I’m in the middle of book three of the Lords of the Underworld series by Gena Showalter, The Darkest Pleasure. This is Reyes’ book, and he is host to the demon of Pain. This guy has a serious issue with cutting, a disorder I’ve never understood, although it seems to be the preferred method of self-destructive behavior for American Millennials. These poor souls, like Reyes, seem compelled to inflict pain on themselves. Without it, apparently, they don’t feel alive. How terrible to be so desperate to feel—something, anything— that the sting of the knife in one’s flesh is the only available relief. In the book, Reyes’ demon exhorts him to administer pain, emotional and/or physical, either to himself or others. I’ve written several posts on the human tendency to avoid pain at all costs—even the cost of perpetual numbness. But what about the other side of that coin-—the pursuit of pain at any cost?
I don’t understand this affinity for affliction. But it is quite prevalent in many guises throughout society. We pursue pain in our athletic activities, our professional lives and in games of one-up-man-ship with friends, family and strangers on planes, trains and automobiles. We wear our pain as badges of honor, and some of us base our whole identities on our painful experiences both past and present. As I started to think about it, the pursuit of pain seemed almost as universal as its avoidance. Clearly, Gena Showalter has tapped into a universal truth in her depiction of Reyes and his demon. Who knew?
I think we’ve been told to “feel the burn” since the days of Jane Fonda and Richard Simmons (if you have no idea what I’m talking about, Google “sweating to the oldies” and make me feel old—just don’t tell me about it). In every exercise class I’ve ever taken, I’ve been told, “No pain, no gain.” So we look for pain, and we wish for pain, and we revel when we feel it. How twisted is that? I’m pretty sure new research has come out that repudiates the “pain is good” theory of exercise, but many continue to seek discomfort in pursuit of bulging muscles. Which seems highly stupid to me; pain is our body’s way of telling us that something is wrong and that we should stop what we’re doing, not double down on the activity. But that’s not how we roll, now, is it? Burn, baby, burn.
And what about pain in our professional lives? Here on the East Coast, in cities like New York and Washington, DC, the more pain we endure in our work, the better workers we are.
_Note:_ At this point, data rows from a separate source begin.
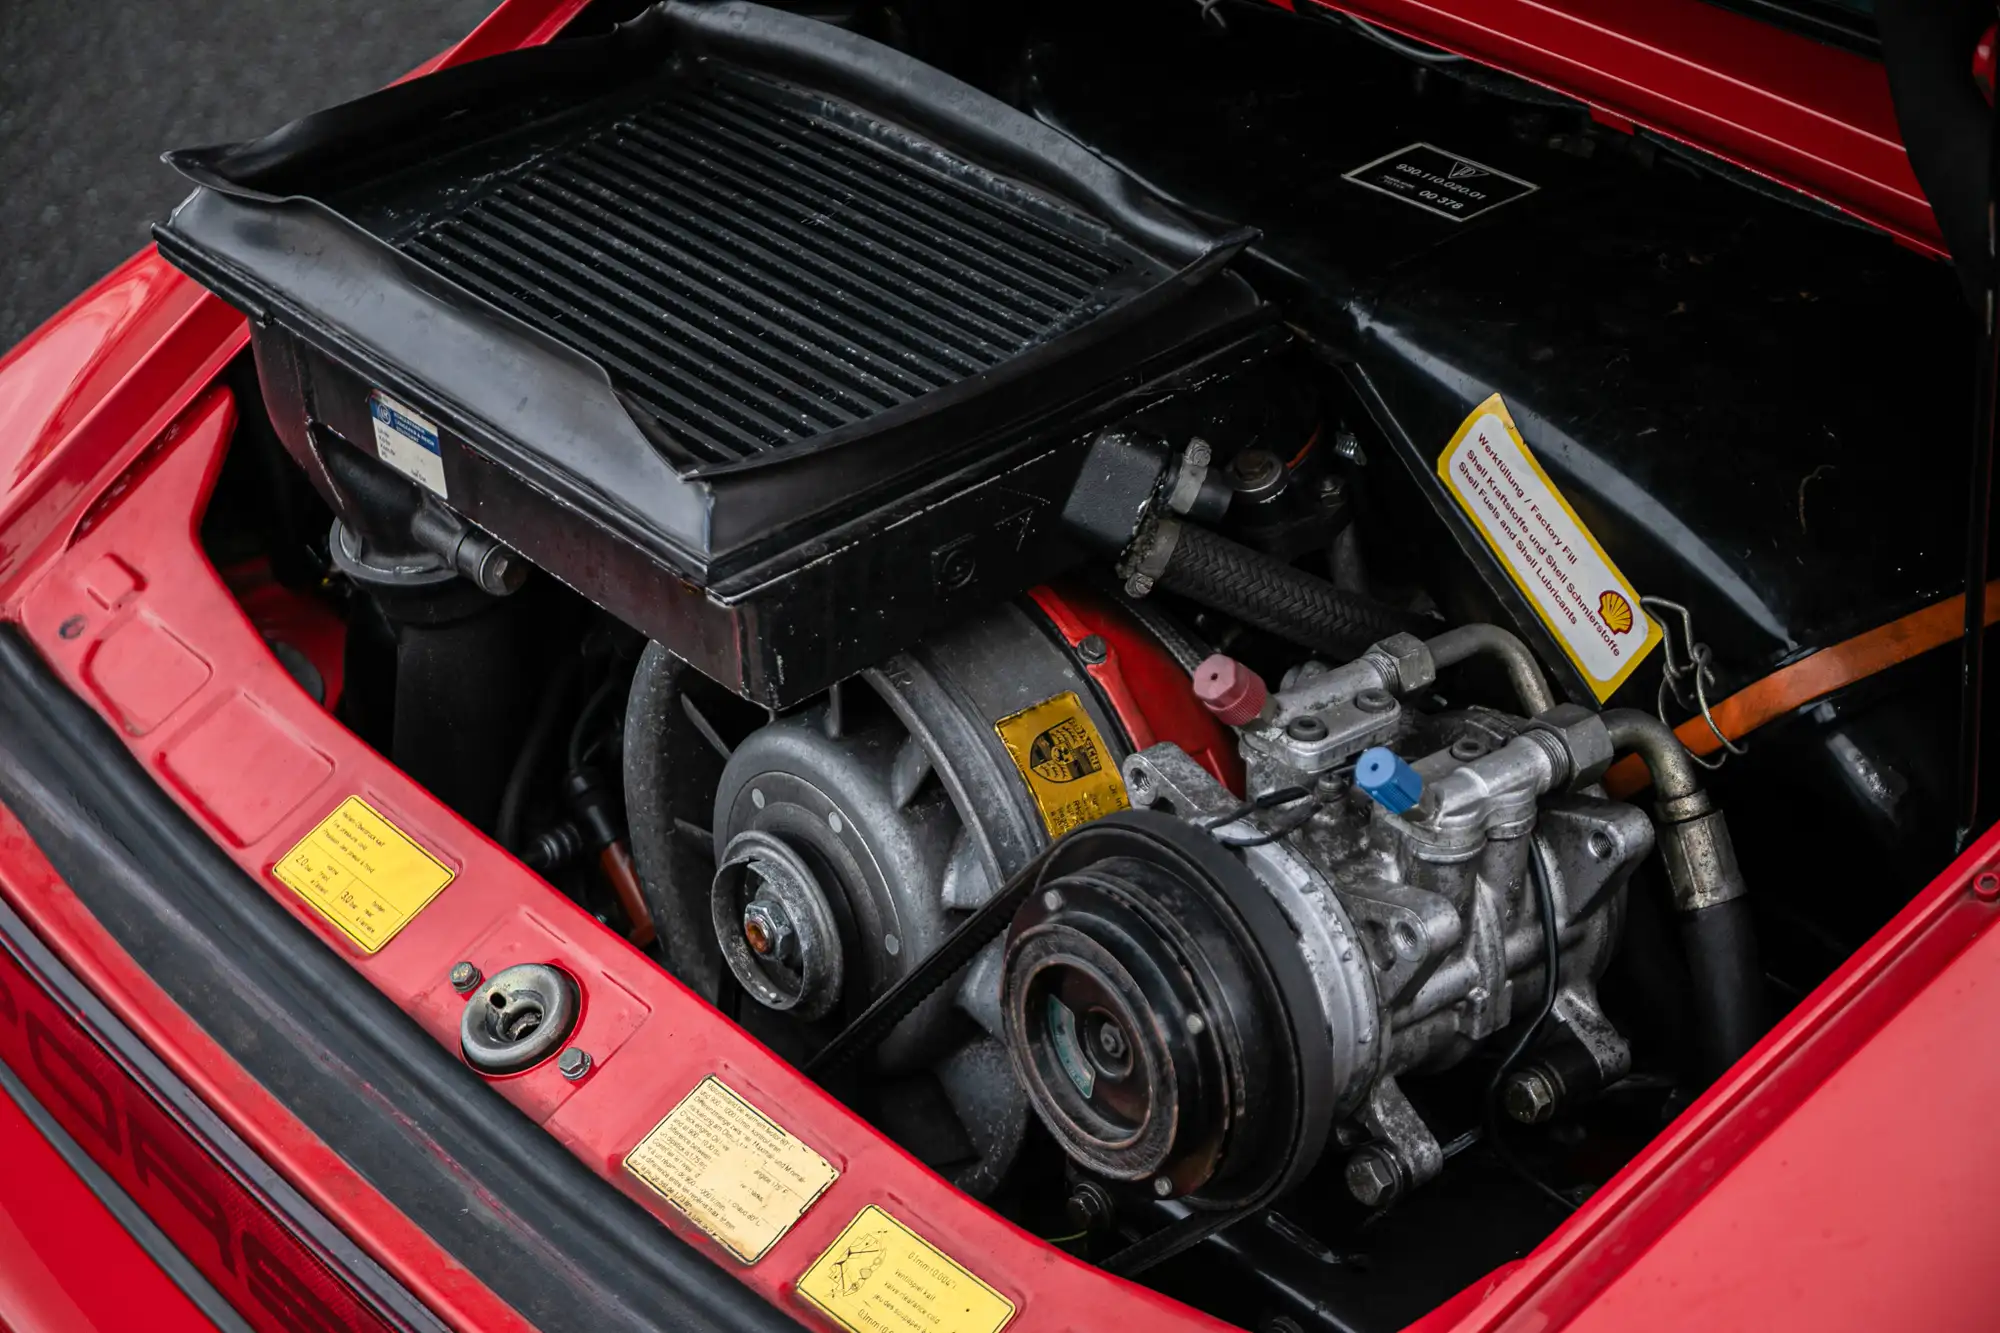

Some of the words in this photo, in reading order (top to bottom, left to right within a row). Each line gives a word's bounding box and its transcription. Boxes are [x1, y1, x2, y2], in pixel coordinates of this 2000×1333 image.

[1396, 163, 1486, 200] 930.110.020.01
[1419, 190, 1438, 200] 00
[1437, 196, 1464, 209] 378
[1476, 431, 1526, 499] Werkfüllung
[1529, 502, 1563, 548] Factory
[1561, 544, 1577, 566] Fill
[1457, 460, 1480, 491] Shell
[1477, 487, 1502, 520] Fuels
[1499, 517, 1517, 541] and
[1515, 538, 1538, 569] Shell
[1535, 566, 1579, 626] Lubricants
[1465, 447, 1489, 478] Shell
[1486, 475, 1530, 535] Kraftstoffe
[1528, 531, 1547, 556] und
[1544, 552, 1568, 584] Shell
[1565, 580, 1622, 658] Schmierstoffe
[1069, 717, 1102, 770] PORSCHE
[872, 1293, 884, 1302] jeu
[882, 1300, 894, 1310] des
[892, 1308, 922, 1330] soupapes
[883, 1281, 900, 1294] valve
[898, 1291, 928, 1314] clearance
Here, only sissies work an eight-hour day. Twelve is the bare minimum to be considered a good employee. And for those twelve hours of cubicle hell, we don’t need no stinking overtime. Overtime is overrated. We’re nobody until somebody notices that we get in before anyone else and we leave after everyone goes. Then, and only then, are we considered big league material. And the pathetic part is that we mostly inflict this stupidity on ourselves. We admire the idiots who’ve never heard of work/life balance, and we’re sure the world will end if we’re not putting in more time than Charles Manson is serving. Crazy. In the real world, if you can’t get your work done in an eight-hour day, you’re not very good at your job. We should be judged on quality, not quantity.
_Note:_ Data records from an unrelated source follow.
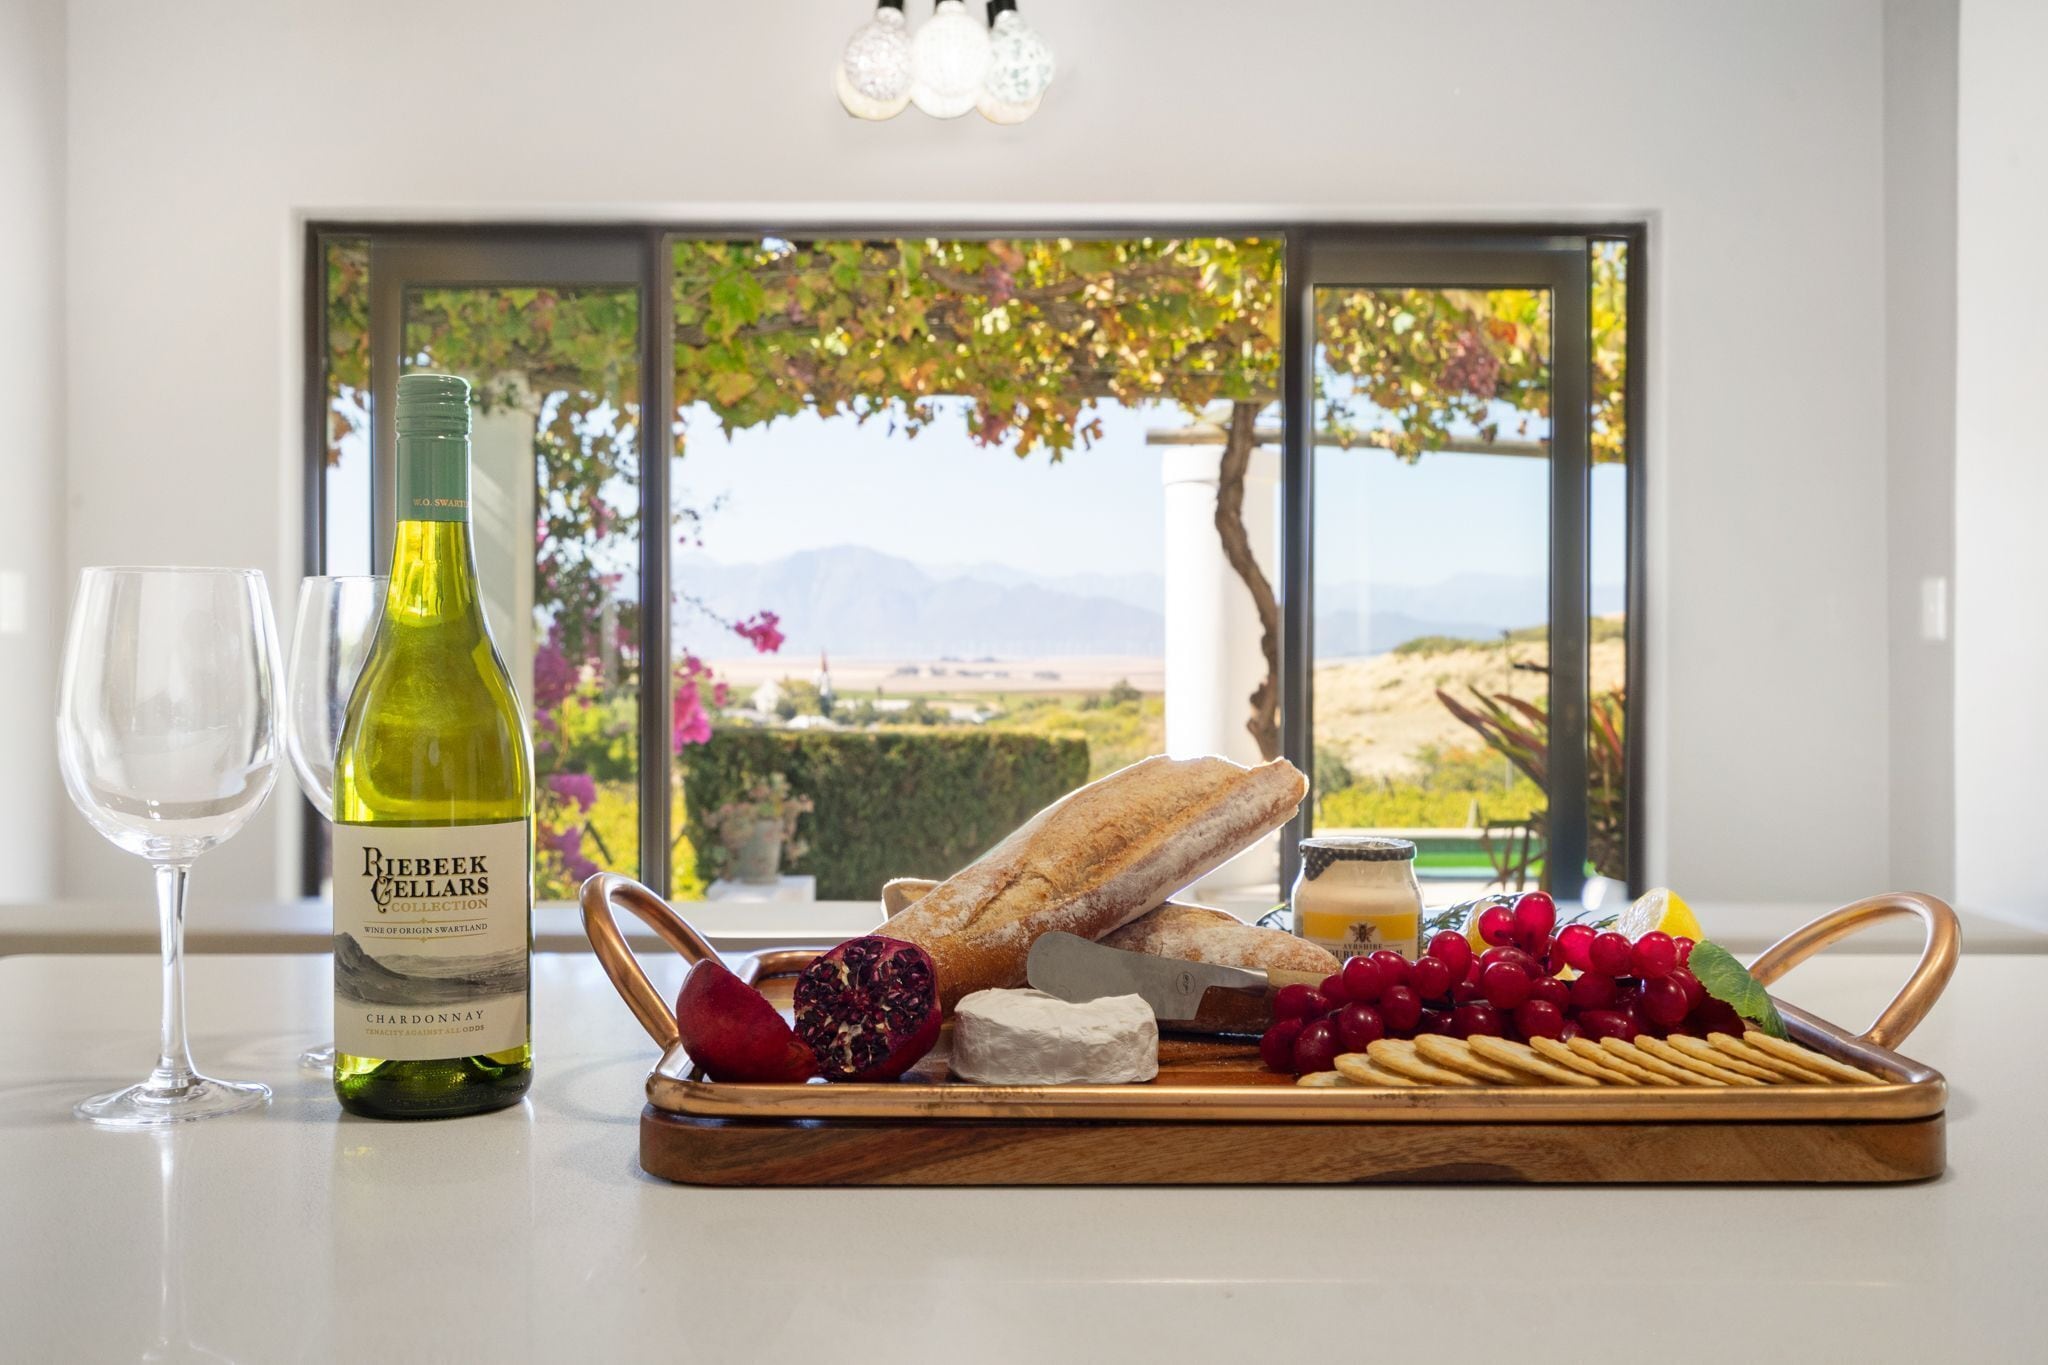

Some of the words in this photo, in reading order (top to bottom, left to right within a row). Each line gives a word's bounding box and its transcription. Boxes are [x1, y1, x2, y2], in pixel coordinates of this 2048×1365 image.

[362, 846, 488, 879] RIEBEEK
[370, 876, 489, 914] CELLARS
[391, 899, 488, 912] COLLECTION
[364, 926, 385, 934] WINE
[399, 927, 433, 935] ORIGIN
[434, 923, 488, 934] SWARTLAND
[366, 1010, 484, 1024] CHARDONNAY
[405, 1028, 443, 1036] AGAINST
[445, 1027, 461, 1035] ALL
[462, 1024, 485, 1033] ODDS
And what about those of us who delight in cataloguing our aches and pains in loving detail? We can go to websites for “my arthritis”, “my migraines”, “my cancer”, and “my diabetes.” I don’t want that shit. But so many of us are invested in our illnesses and injuries. We pay more attention to our pain than to our pleasure. To the point where our pain becomes our pleasure, and not in a cool BDSM kind of way like we’re living in one of Cherise Sinclair’s Masters of the Shadowlands books. Nope. We’ve just learned to love pain, crave it, even, so that it becomes that measure by which we validate our lives, just like poor Reyes. And like Reyes, we’ve stopped resisting so that we embrace the pain and give it a loving home. And how twisted is that? As twisted das a severely arthritic hand, I guess.
I just don’t get it. If it hurts, stop doing it, fix it, or run the hell away from it. I saw a graphic on Facebook (talk about pain—but that is another topic entirely) that said that women should pursue men who make their lipstick run, not their mascara—love it!). We should not accept pain, even though, as the Buddha said, pain is inevitable. But it is not eternal, because nothing is. Further, while pain may be inevitable, suffering is not. We don’t need to build whole identities around pain. We could, and here’s a novel idea, build our identities around fighting our pain, and not making a home for it. The question for me is this: if we’re not housing the Pain demon, like Reyes, why are we so happy to accommodate all of the pain in our lives. So, let’s let learn from Reyes and let go of whatever pain we can and seek out the pleasures that this life offers us lest we end up hosting Pain for an eternity.